Consider blue-green upgrades when:

  • You require granular testing and verification of workloads batch by batch.
  • You need to validate new node configurations before switching production traffic.
  • You want instant rollback capability without reprovisioning nodes.
  • You're upgrading critical production workloads that can't tolerate disruption.
  • You need to test application compatibility with new Kubernetes versions.

If you're currently using a manual blue-green deployment process for node pool upgrades and want to automate this workflow, consider using AKS blue-green node pool upgrades instead. For more information about the manual blue green upgrade process, see Manual blue-green node pool upgrades.

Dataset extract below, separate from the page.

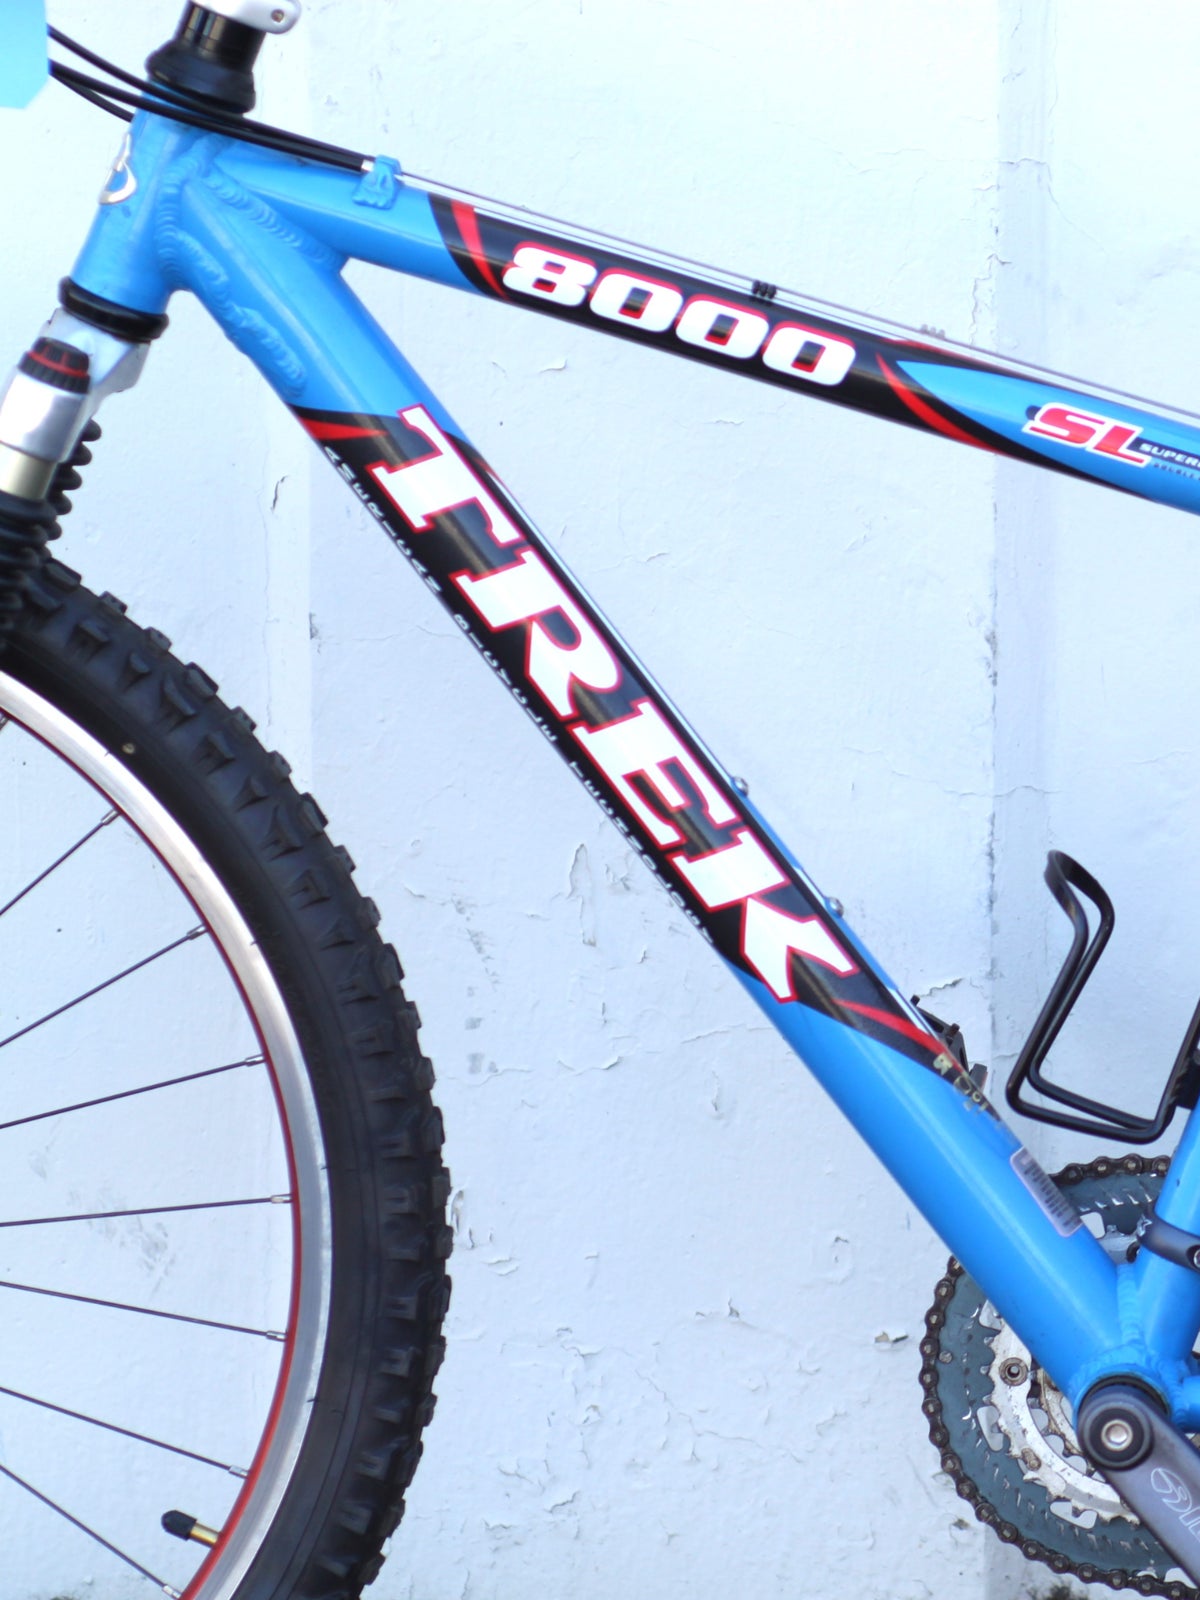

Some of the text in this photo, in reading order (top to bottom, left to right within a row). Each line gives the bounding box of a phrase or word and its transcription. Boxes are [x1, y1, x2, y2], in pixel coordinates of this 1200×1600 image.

When to use standard rolling upgrades

Standard rolling upgrades might be more appropriate in the following scenarios:

  • Development or test environments with downtime tolerance.
  • Cost-sensitive deployments where temporary doubling is prohibitive.
  • Simple stateless applications with good disruption handling.
  • Environments with limited available quota or capacity.

Prerequisites

  • Sufficient quota for doubling node pool capacity.
  • Azure CLI version 2.64.0 or higher. Find your version using the az --version command. If you need to install or upgrade, see Install Azure CLI.
  • The aks-preview Azure CLI extension installed and updated to the latest version.
  • API version 2025-08-02-preview or later.
  • Cluster autoscaler configured (recommended, but not required).

Install the aks-preview Azure CLI extension

Important

AKS preview features are available on a self-service, opt-in basis. Previews are provided "as is" and "as available," and they're excluded from the service-level agreements and limited warranty. AKS previews are partially covered by customer support on a best-effort basis. As such, these features aren't meant for production use. For more information, see the following support articles:

Install or update the aks-preview extension using the az extension add and az extension update commands.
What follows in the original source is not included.